Segment Open

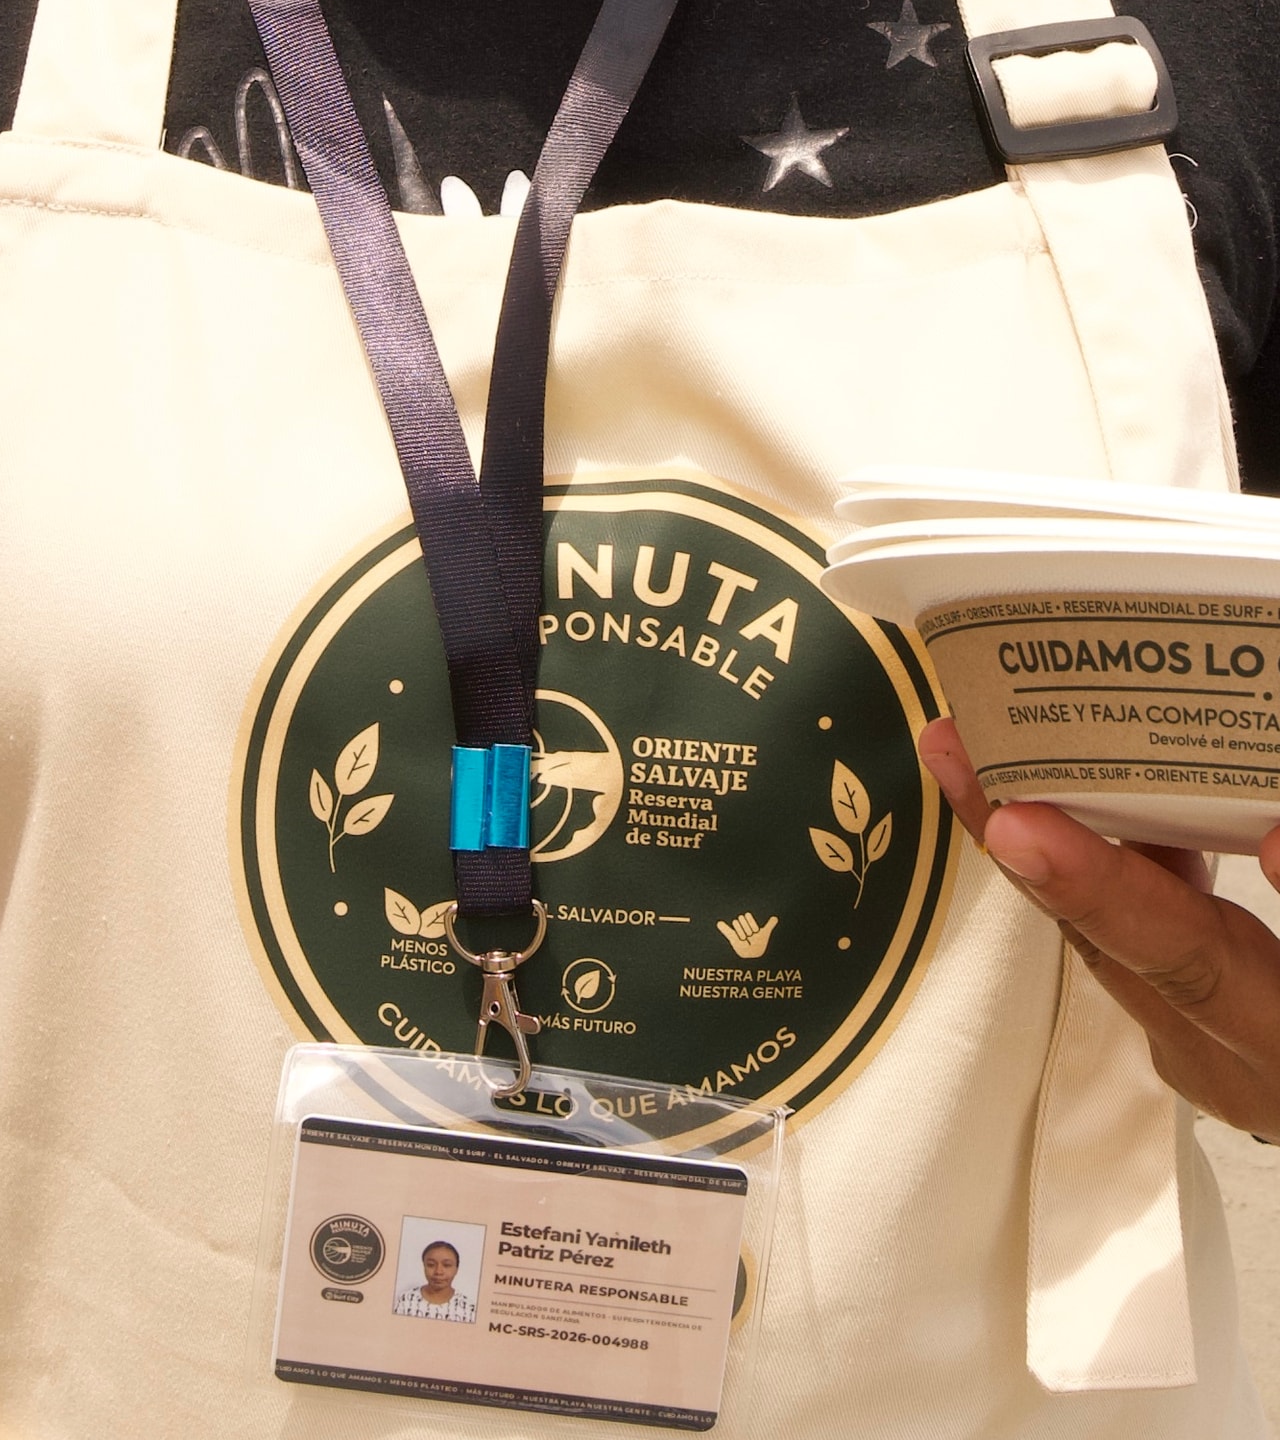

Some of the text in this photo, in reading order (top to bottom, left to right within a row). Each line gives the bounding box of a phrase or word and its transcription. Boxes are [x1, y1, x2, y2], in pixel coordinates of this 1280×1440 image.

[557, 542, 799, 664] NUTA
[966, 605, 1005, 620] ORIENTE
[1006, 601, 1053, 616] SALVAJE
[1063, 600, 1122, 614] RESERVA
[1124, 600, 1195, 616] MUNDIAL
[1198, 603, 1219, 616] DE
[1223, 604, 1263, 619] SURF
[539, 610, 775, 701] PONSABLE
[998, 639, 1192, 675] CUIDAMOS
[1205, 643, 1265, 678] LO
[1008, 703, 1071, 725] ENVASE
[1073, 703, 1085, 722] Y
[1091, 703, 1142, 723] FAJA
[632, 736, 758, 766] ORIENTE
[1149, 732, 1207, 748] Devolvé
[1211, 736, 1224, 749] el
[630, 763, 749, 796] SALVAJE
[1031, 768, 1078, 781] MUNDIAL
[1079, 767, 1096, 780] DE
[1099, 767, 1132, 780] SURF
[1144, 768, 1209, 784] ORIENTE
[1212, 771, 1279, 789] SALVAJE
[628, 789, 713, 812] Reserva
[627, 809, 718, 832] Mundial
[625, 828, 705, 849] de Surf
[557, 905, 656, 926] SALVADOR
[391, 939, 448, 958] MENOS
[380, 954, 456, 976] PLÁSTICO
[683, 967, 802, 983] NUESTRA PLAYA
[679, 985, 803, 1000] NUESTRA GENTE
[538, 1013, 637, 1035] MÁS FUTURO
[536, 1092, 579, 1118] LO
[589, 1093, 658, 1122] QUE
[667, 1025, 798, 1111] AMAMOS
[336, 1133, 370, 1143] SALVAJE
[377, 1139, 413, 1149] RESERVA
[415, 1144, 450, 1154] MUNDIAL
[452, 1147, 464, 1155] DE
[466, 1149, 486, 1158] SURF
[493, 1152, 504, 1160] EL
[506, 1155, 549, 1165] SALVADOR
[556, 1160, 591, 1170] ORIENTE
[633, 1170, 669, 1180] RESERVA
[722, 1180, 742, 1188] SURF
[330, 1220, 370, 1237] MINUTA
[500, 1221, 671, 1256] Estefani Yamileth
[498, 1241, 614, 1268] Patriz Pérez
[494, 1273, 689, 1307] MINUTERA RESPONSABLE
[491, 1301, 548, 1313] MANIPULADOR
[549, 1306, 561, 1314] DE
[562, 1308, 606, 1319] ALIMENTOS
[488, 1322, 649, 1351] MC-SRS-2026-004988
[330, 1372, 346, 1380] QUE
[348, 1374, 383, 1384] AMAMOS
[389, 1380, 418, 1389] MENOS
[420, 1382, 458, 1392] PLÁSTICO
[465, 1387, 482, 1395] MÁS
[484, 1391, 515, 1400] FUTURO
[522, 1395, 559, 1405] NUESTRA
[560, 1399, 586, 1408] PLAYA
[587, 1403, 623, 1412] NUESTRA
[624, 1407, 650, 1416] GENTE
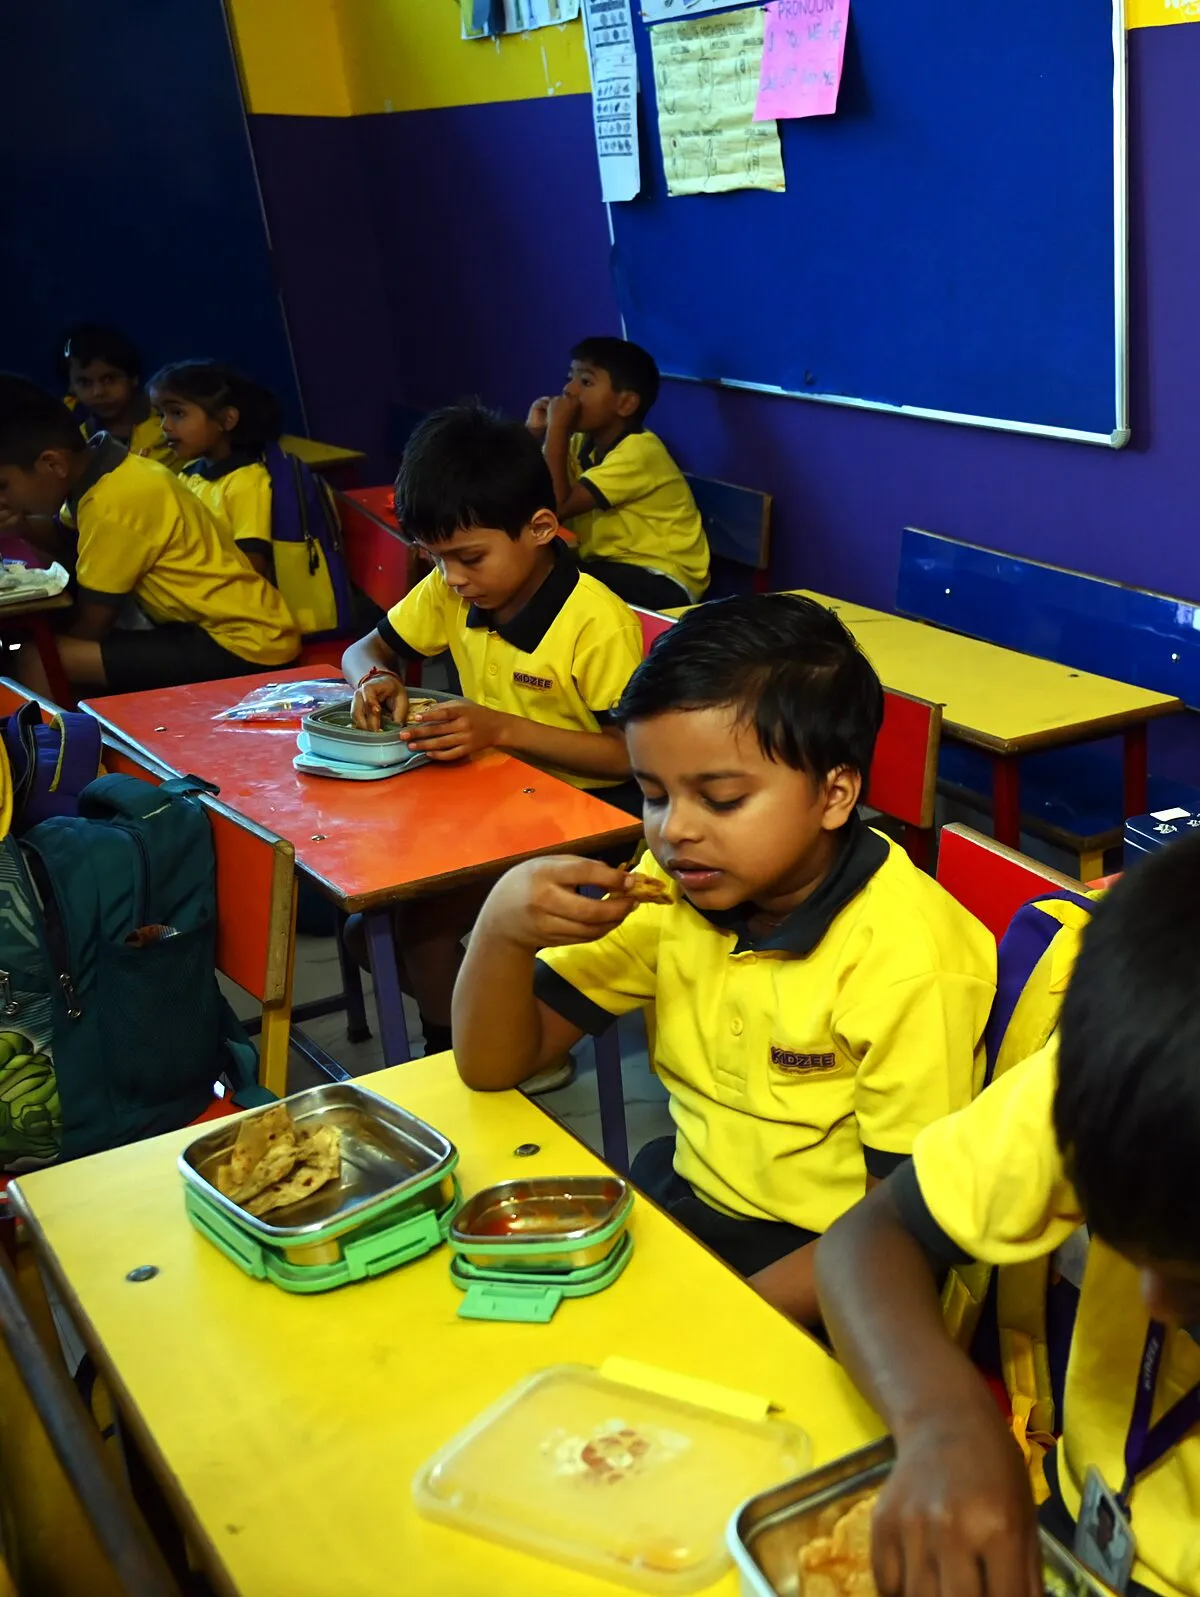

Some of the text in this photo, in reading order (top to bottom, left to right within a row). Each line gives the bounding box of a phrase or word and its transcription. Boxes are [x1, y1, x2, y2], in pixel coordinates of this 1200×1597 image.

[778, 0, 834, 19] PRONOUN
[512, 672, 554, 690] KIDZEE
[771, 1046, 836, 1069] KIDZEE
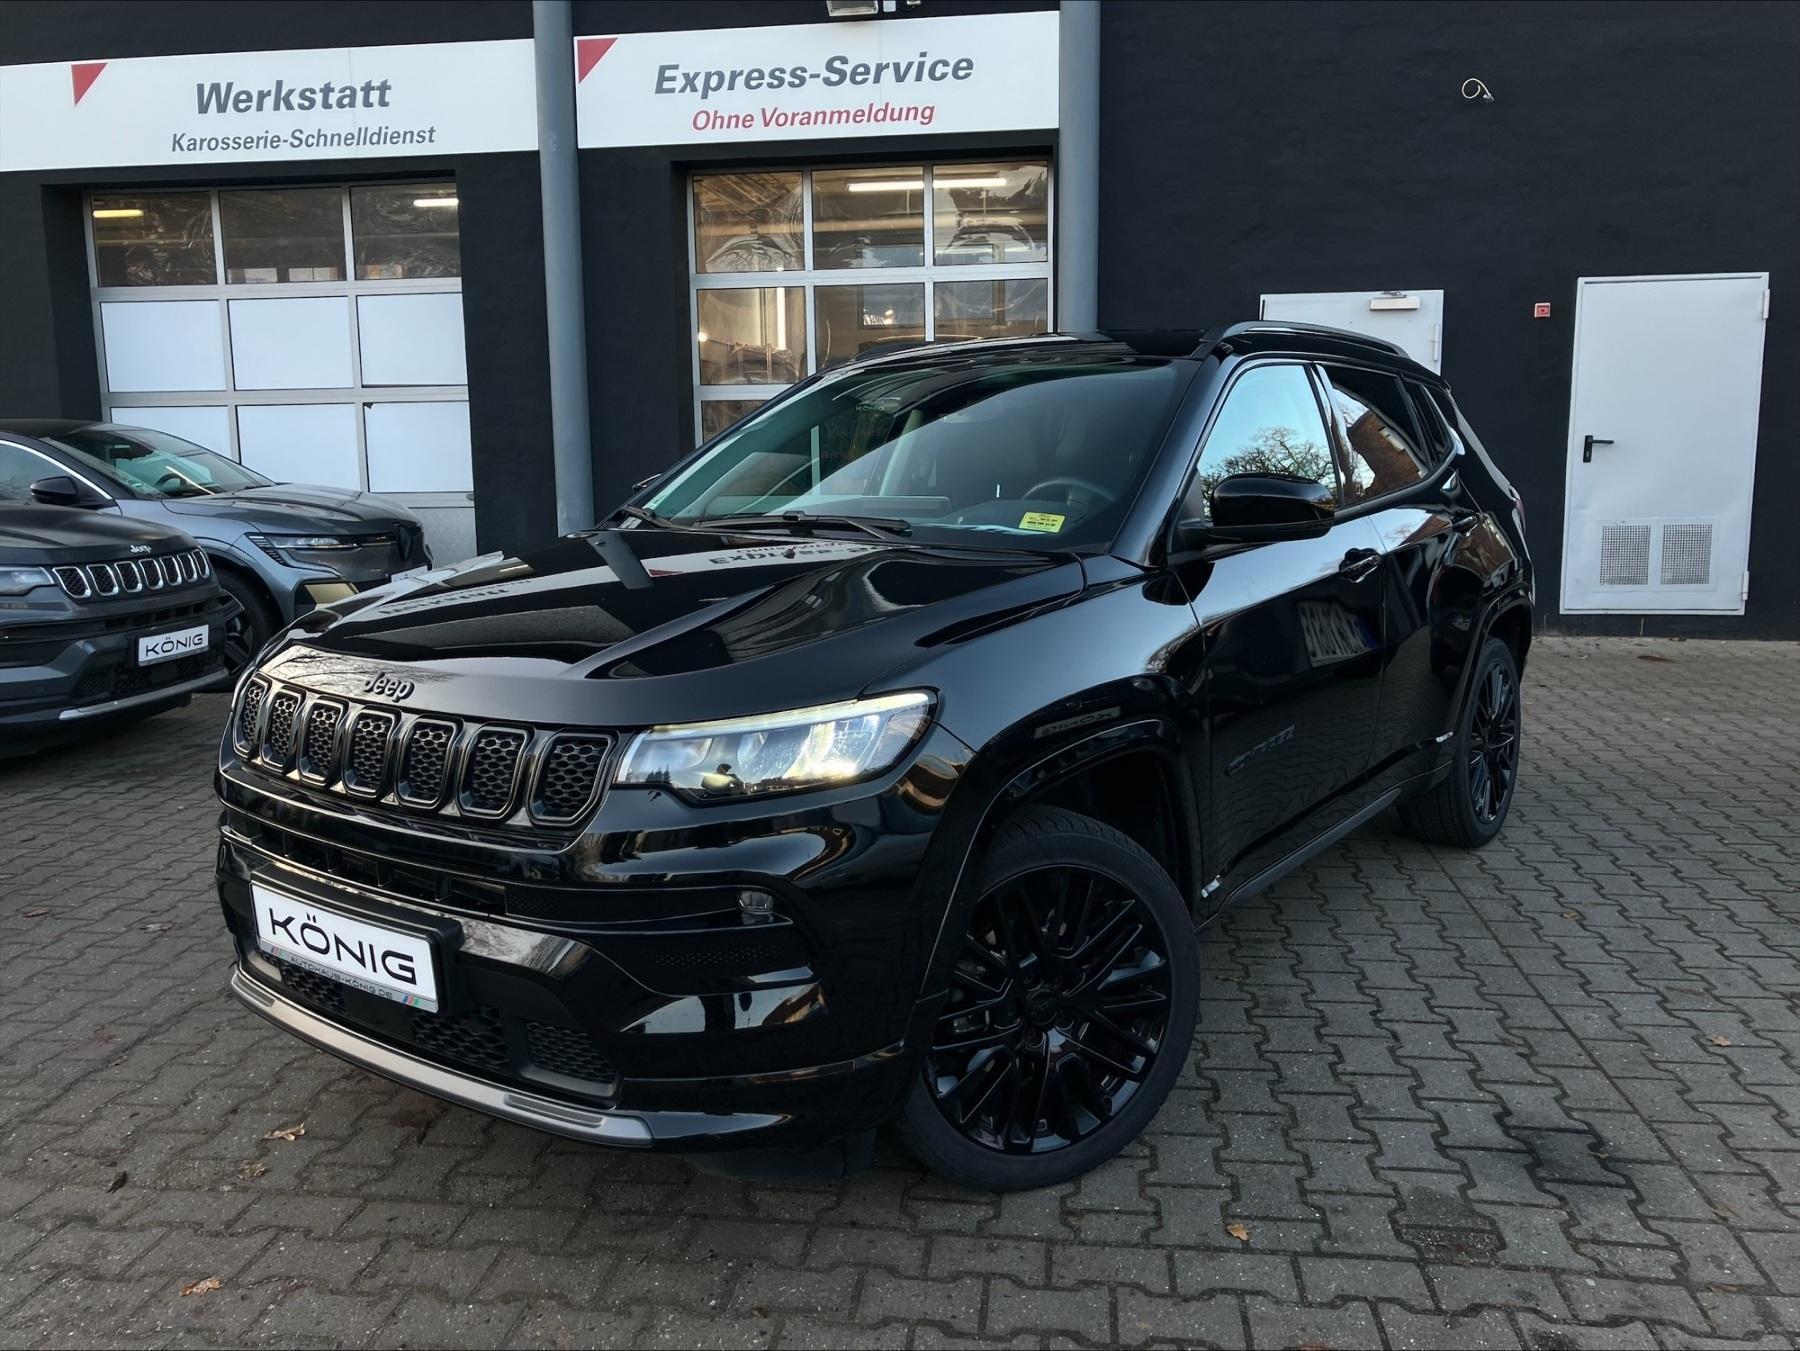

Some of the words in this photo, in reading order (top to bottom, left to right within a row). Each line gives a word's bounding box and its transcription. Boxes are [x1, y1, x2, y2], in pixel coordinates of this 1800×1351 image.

Segment Closed

## Problem description
Output each entry shown above exactly as it stands, with all pictures removed.

## Your response
Some of the text in this photo, in reading order (top to bottom, left to right within a row). Each line gives the bounding box of a phrase or word and its transcription. Boxes are [x1, y1, x2, y2], in pixel coordinates of this 1280×1440 image.

[557, 542, 799, 664] NUTA
[966, 605, 1005, 620] ORIENTE
[1006, 601, 1053, 616] SALVAJE
[1063, 600, 1122, 614] RESERVA
[1124, 600, 1195, 616] MUNDIAL
[1198, 603, 1219, 616] DE
[1223, 604, 1263, 619] SURF
[539, 610, 775, 701] PONSABLE
[998, 639, 1192, 675] CUIDAMOS
[1205, 643, 1265, 678] LO
[1008, 703, 1071, 725] ENVASE
[1073, 703, 1085, 722] Y
[1091, 703, 1142, 723] FAJA
[632, 736, 758, 766] ORIENTE
[1149, 732, 1207, 748] Devolvé
[1211, 736, 1224, 749] el
[630, 763, 749, 796] SALVAJE
[1031, 768, 1078, 781] MUNDIAL
[1079, 767, 1096, 780] DE
[1099, 767, 1132, 780] SURF
[1144, 768, 1209, 784] ORIENTE
[1212, 771, 1279, 789] SALVAJE
[628, 789, 713, 812] Reserva
[627, 809, 718, 832] Mundial
[625, 828, 705, 849] de Surf
[557, 905, 656, 926] SALVADOR
[391, 939, 448, 958] MENOS
[380, 954, 456, 976] PLÁSTICO
[683, 967, 802, 983] NUESTRA PLAYA
[679, 985, 803, 1000] NUESTRA GENTE
[538, 1013, 637, 1035] MÁS FUTURO
[536, 1092, 579, 1118] LO
[589, 1093, 658, 1122] QUE
[667, 1025, 798, 1111] AMAMOS
[336, 1133, 370, 1143] SALVAJE
[377, 1139, 413, 1149] RESERVA
[415, 1144, 450, 1154] MUNDIAL
[452, 1147, 464, 1155] DE
[466, 1149, 486, 1158] SURF
[493, 1152, 504, 1160] EL
[506, 1155, 549, 1165] SALVADOR
[556, 1160, 591, 1170] ORIENTE
[633, 1170, 669, 1180] RESERVA
[722, 1180, 742, 1188] SURF
[330, 1220, 370, 1237] MINUTA
[500, 1221, 671, 1256] Estefani Yamileth
[498, 1241, 614, 1268] Patriz Pérez
[494, 1273, 689, 1307] MINUTERA RESPONSABLE
[491, 1301, 548, 1313] MANIPULADOR
[549, 1306, 561, 1314] DE
[562, 1308, 606, 1319] ALIMENTOS
[488, 1322, 649, 1351] MC-SRS-2026-004988
[330, 1372, 346, 1380] QUE
[348, 1374, 383, 1384] AMAMOS
[389, 1380, 418, 1389] MENOS
[420, 1382, 458, 1392] PLÁSTICO
[465, 1387, 482, 1395] MÁS
[484, 1391, 515, 1400] FUTURO
[522, 1395, 559, 1405] NUESTRA
[560, 1399, 586, 1408] PLAYA
[587, 1403, 623, 1412] NUESTRA
[624, 1407, 650, 1416] GENTE

Some of the text in this photo, in reading order (top to bottom, left to right within a row). Each line gives the bounding box of a phrase or word and its transcription. Boxes are [x1, y1, x2, y2], in pixel coordinates of this 1200×1597 image.

[778, 0, 834, 19] PRONOUN
[512, 672, 554, 690] KIDZEE
[771, 1046, 836, 1069] KIDZEE

Some of the words in this photo, in reading order (top to bottom, left to right within a row). Each line gives a word's bounding box and its transcription. Boxes are [x1, y1, x2, y2], in pixel coordinates of this 1800×1351 image.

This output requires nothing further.